[Dataset entries]
───

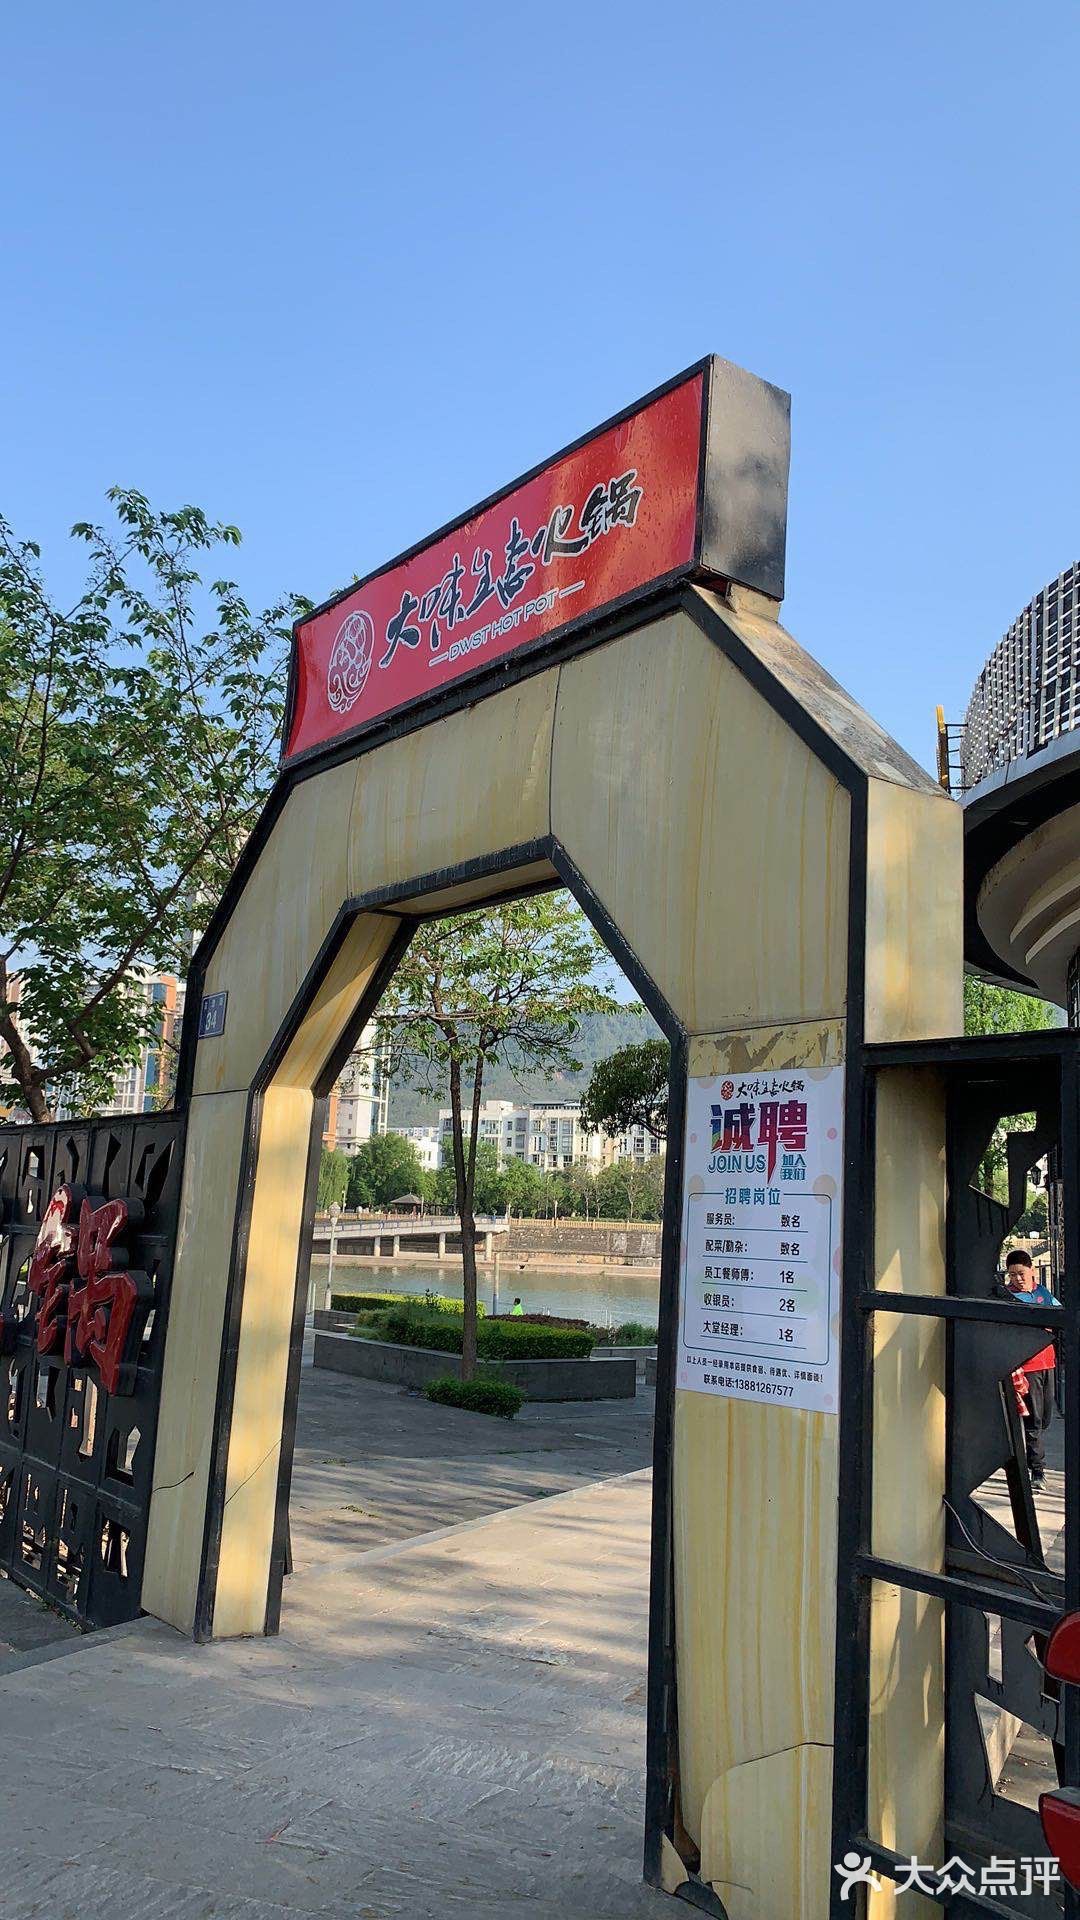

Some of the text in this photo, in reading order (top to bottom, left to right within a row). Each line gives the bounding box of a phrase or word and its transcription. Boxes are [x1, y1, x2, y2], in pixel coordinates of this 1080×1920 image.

[448, 588, 559, 661] DWST HOT POT
[710, 1100, 808, 1184] 诚聘
[708, 1154, 766, 1173] JOIN US
[782, 1153, 807, 1167] 加入
[781, 1168, 806, 1181] 我们
[725, 1187, 781, 1205] 招聘岗位
[780, 1214, 801, 1228] 数名
[780, 1242, 800, 1256] 数名
[779, 1271, 794, 1284] 1名
[779, 1299, 795, 1313] 2名
[778, 1329, 793, 1342] 1名
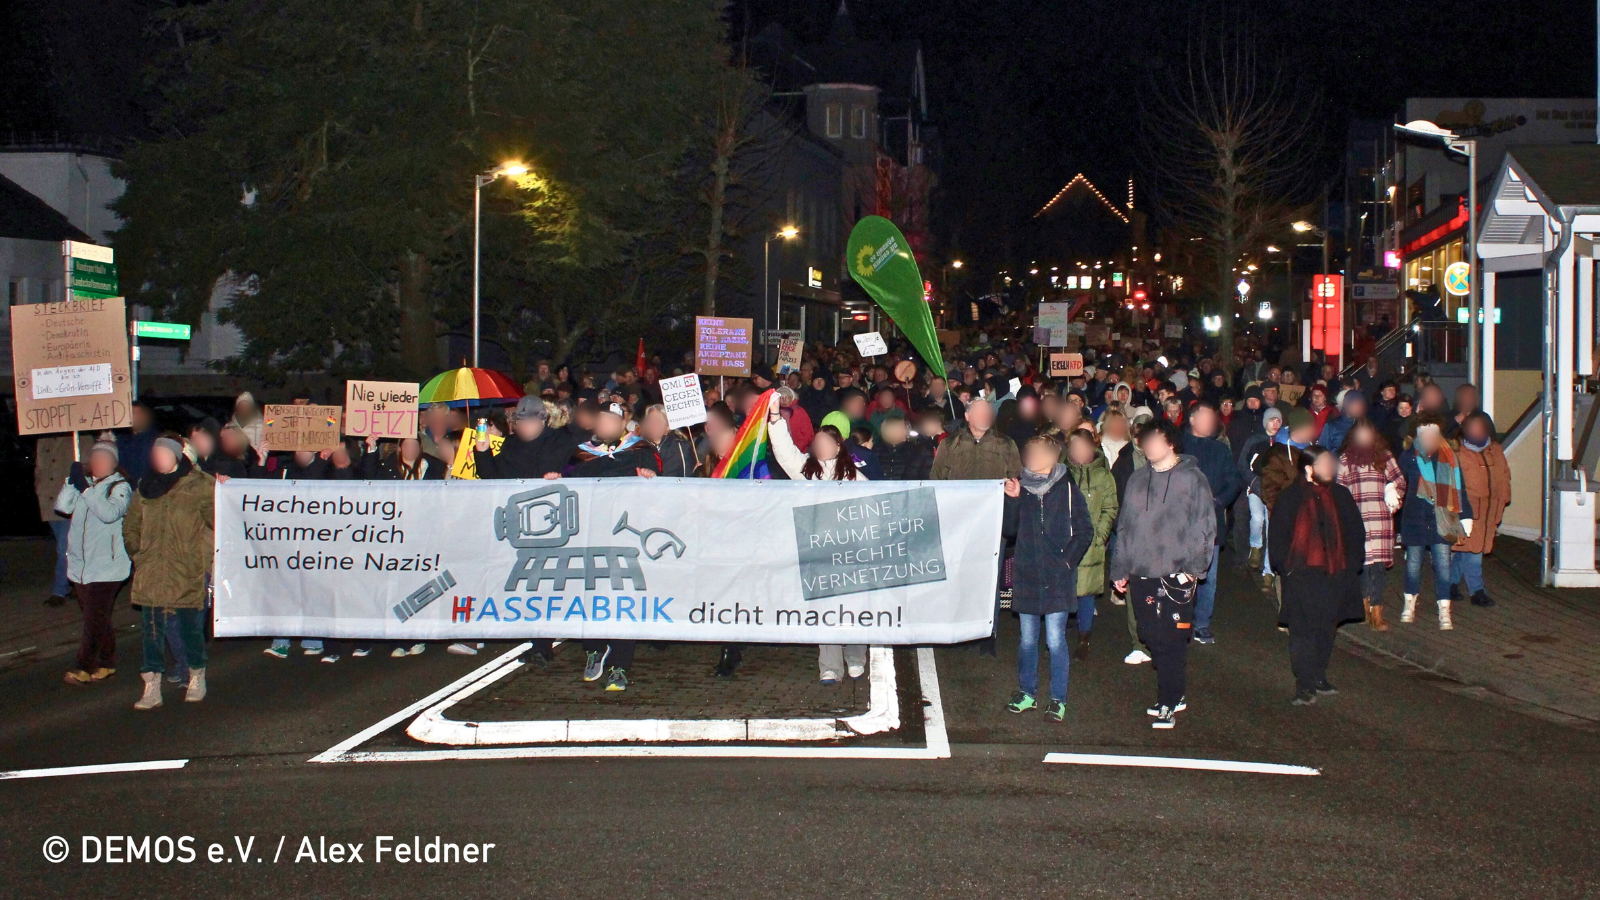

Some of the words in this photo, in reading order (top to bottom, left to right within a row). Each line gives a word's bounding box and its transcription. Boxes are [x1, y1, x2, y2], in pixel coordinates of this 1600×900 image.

[34, 299, 105, 314] STECKBRIEF
[46, 316, 85, 327] Deutsche
[700, 327, 746, 336] TOLERANZ
[46, 329, 89, 340] Demokratin
[56, 366, 75, 375] Augen
[352, 383, 374, 402] Nie
[380, 390, 418, 403] wieder
[266, 406, 335, 416] MENSCHENRECHTE
[373, 403, 386, 411] ist
[666, 399, 700, 412] RECHTS
[26, 403, 76, 430] STOPPT
[282, 417, 312, 428] STATT
[353, 409, 418, 435] JETZT
[242, 494, 403, 520] Hachenburg,
[837, 500, 891, 522] KEINE
[810, 524, 880, 549] RÄUME
[888, 517, 925, 537] FÜR
[245, 554, 279, 569] um
[287, 551, 354, 570] deine
[364, 553, 440, 572] Nazis!
[832, 542, 907, 566] RECHTE
[804, 558, 940, 592] VERNETZUNG
[688, 601, 763, 625] dicht
[776, 604, 903, 628] machen!

───

▶ [Exercise aim] Nothing but the lines from the one holding "Some of the words" to the end of the entries should be returned, each exactly as it stands.

▶ [Written answer]
Some of the words in this photo, in reading order (top to bottom, left to right within a row). Each line gives a word's bounding box and its transcription. Boxes are [x1, y1, x2, y2], in pixel coordinates of this 1600×900 image.

[34, 299, 105, 314] STECKBRIEF
[46, 316, 85, 327] Deutsche
[700, 327, 746, 336] TOLERANZ
[46, 329, 89, 340] Demokratin
[56, 366, 75, 375] Augen
[352, 383, 374, 402] Nie
[380, 390, 418, 403] wieder
[266, 406, 335, 416] MENSCHENRECHTE
[373, 403, 386, 411] ist
[666, 399, 700, 412] RECHTS
[26, 403, 76, 430] STOPPT
[282, 417, 312, 428] STATT
[353, 409, 418, 435] JETZT
[242, 494, 403, 520] Hachenburg,
[837, 500, 891, 522] KEINE
[810, 524, 880, 549] RÄUME
[888, 517, 925, 537] FÜR
[245, 554, 279, 569] um
[287, 551, 354, 570] deine
[364, 553, 440, 572] Nazis!
[832, 542, 907, 566] RECHTE
[804, 558, 940, 592] VERNETZUNG
[688, 601, 763, 625] dicht
[776, 604, 903, 628] machen!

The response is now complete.